Termination, suspension or amendment of the 2012 LTIP will not adversely affect any outstanding award without the consent of the affected participant, except for amendments necessary to comply with applicable laws or stock exchange rules.

Transferability of Awards

In general, no right or interest in any award under the 2012 LTIP may be assigned, transferred or encumbered by a participant, except by will or the laws of descent and distribution. However, the Committee may provide that an award (other than an incentive stock option) may be transferable by gift to a participant’s family member or pursuant to a qualified domestic relations order. Any permitted transferee of such an award will remain subject to all the terms and conditions of the award applicable to the participant.

Performance-Based Compensation

The 2012 LTIP permits the Committee to grant restricted stock, stock unit, other stock-based awards or cash incentive awards that are intended to be “performance-based compensation” within the meaning of Section 162(m) of the Code as previously in effect. Participants are entitled to receive payment for a Section 162(m) performance-based award for any given performance period only to the extent thatpre-established performance goals set by the Committee for the performance period are satisfied.

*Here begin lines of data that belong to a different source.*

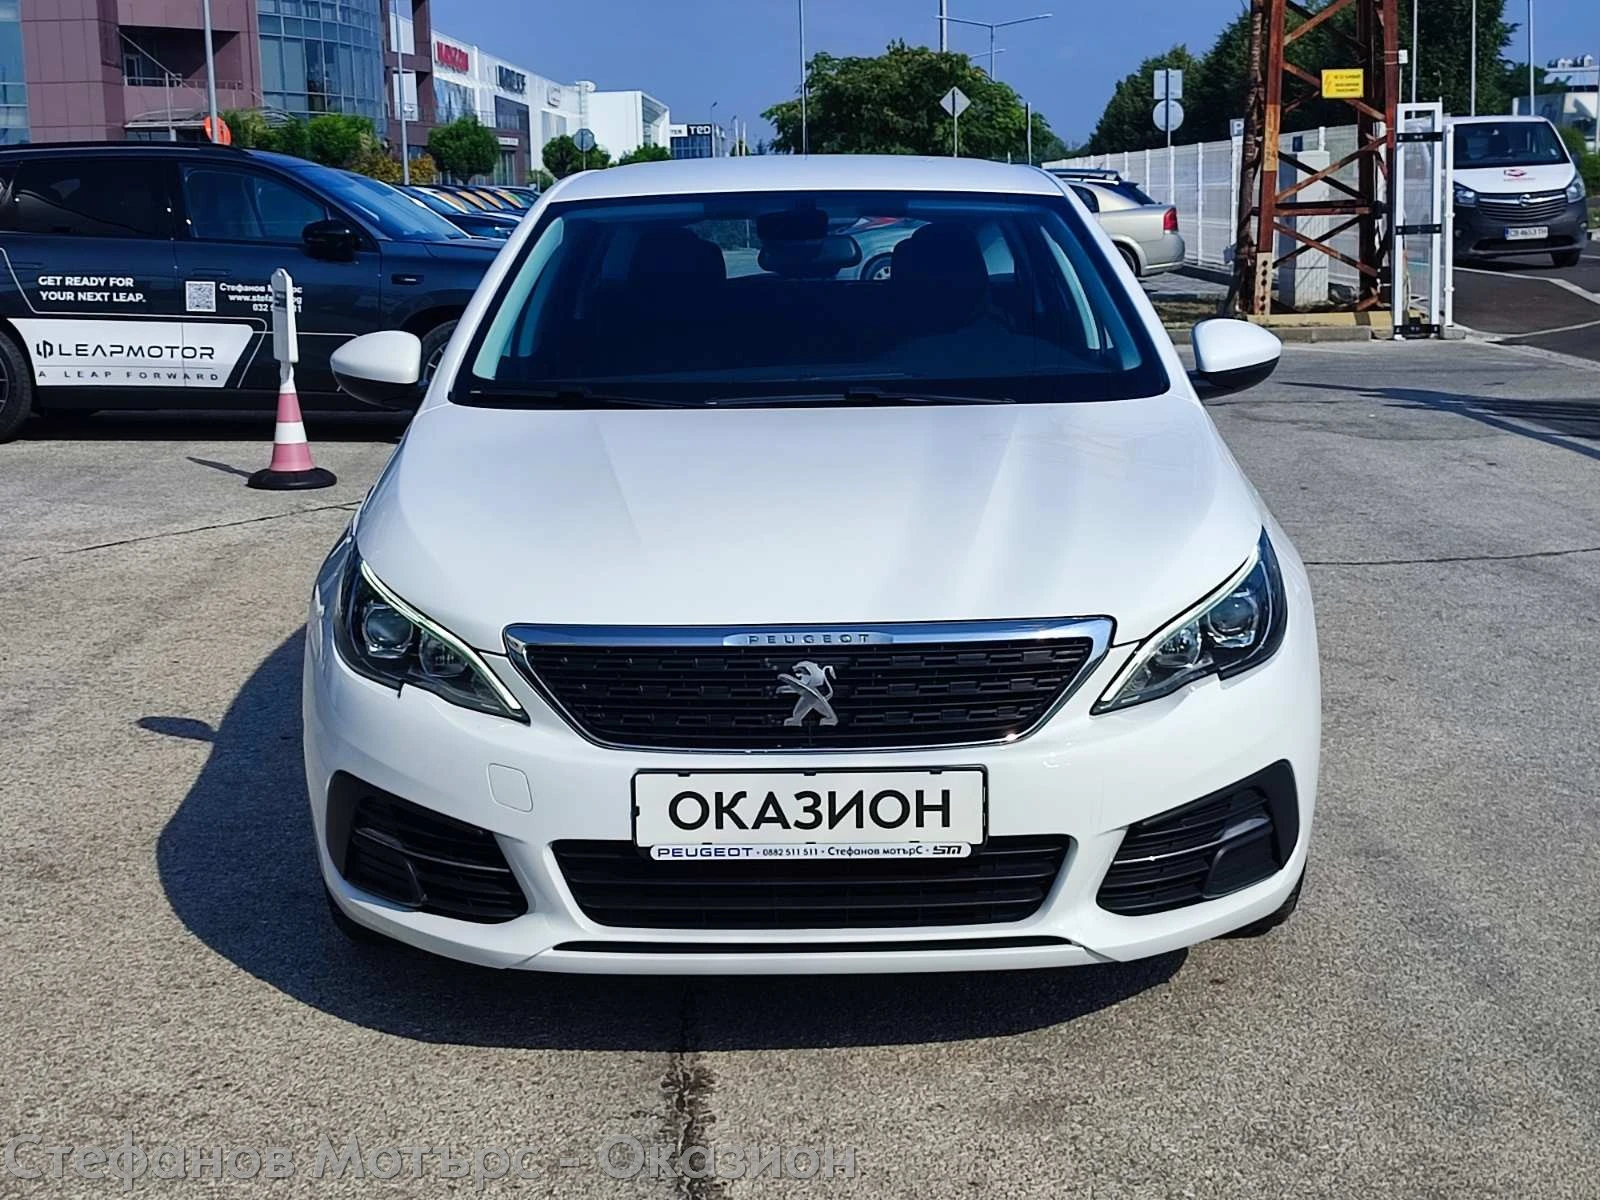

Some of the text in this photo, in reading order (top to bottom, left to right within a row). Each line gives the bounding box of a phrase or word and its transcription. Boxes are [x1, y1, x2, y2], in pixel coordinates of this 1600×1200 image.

[38, 276, 134, 288] GET READY FOR
[219, 282, 266, 293] Стефанов
[40, 291, 146, 303] YOUR NEXT LEAP.
[58, 343, 214, 360] LEAPMOTOR
[64, 370, 112, 378] LEAP
[126, 371, 218, 381] FORWARD
[748, 634, 870, 644] PEUGEOT
[668, 789, 950, 830] ОКАЗИОН
[658, 848, 754, 858] PEUGEOT
[762, 848, 785, 857] 0882
[786, 848, 800, 857] 511
[802, 848, 818, 856] 511
[828, 846, 880, 858] Стефанов

The Tax Cuts and Jobs Act enacted in December 2017 revised Section 162(m) of the Code to, among other things, eliminate the exception forperformance-based compensation beginning January 1, 2018, subject to certain transition rules.

Change in Control of the Company

For purposes of the 2012 LTIP, a “change in control” of our Company generally occurs if (i) a person or group acquires 30% or more of our Company’s outstanding stock, (ii) certain changes occur in the composition of the Board of Directors, or (iii) a reorganization, merger or consolidation of our Company, or a sale or disposition of all or substantially all of our Company’s assets, is consummated (unless our Company’s outstanding stock immediately prior to the transaction continues to represent over 70% of the outstanding stock of our Company or the surviving entity immediately after the transaction).

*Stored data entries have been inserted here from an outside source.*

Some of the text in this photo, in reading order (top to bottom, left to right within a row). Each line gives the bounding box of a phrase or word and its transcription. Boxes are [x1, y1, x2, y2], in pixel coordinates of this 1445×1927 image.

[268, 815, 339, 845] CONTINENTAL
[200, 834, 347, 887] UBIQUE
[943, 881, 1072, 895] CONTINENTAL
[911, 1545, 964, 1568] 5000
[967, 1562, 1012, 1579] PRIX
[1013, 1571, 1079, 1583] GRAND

If a change in control of our Company occurs as a result of which our Company does not survive as an operating company or survives only as a subsidiary of another entity, then the consequences will be as described in this paragraph unless the Committee provides otherwise in an applicable award agreement. If any outstanding award is not continued, assumed or replaced by the successor entity in connection with such a change in control, the award will be canceled in exchange for a payment with respect to such award in an amount equal to the excess, if any, between the fair market value of the consideration to be received in the change in control for the number of shares remaining subject to the award over the aggregate exercise price (if any) for the shares remaining subject to such award (or, if there is no excess, such award may be canceled without payment). In the case of performance-based awards, the number of shares remaining subject to an award or the settlement amount of a cash incentive award will be calculated by deeming all performance measures to have been satisfied at targeted performance. If any outstanding award is continued, assumed or replaced by the successor entity in connection with such a change in control, the Committee may provide that such award will become fully vested and exercisable upon the involuntary termination of the participant without cause within a specified amount of time following the change in control.

In the event of a change in control of our Company other than as described in the previous paragraph, the Committee may provide that (i) any award will become fully vested and exercisable upon the change in control or upon the involuntary termination of the participant without cause within a specified amount of time following the change in control, (ii) any option or SAR will remain exercisable during all or some portion of its remaining term, or (iii) awards will be canceled in exchange for payments in a similar manner as described above with respect to a change in control as a result of which our Company does not survive as an operating company or survives only as a subsidiary of another entity.

Effect of Termination of Employment or Other Services

If a participant ceases to be employed by or provide other services for our Company and all subsidiaries, awards under the 2012 LTIP then held by the participant will be treated as set forth below unless provided otherwise in the applicable award agreement.

Upon termination for any reason other than death or disability, all unvested and unexercisable portions of any outstanding awards shall be immediately forfeited, and the currently vested and exercisable portions of options and SARs may be exercised for 90 days after such termination. However, if a participant is 65 or more years old or is 55 or more years old and has been an employee of or provider of other services to our Company for at least 10 years, then the currently vested and exercisable portions of options and SARs may be exercised for one year after such termination.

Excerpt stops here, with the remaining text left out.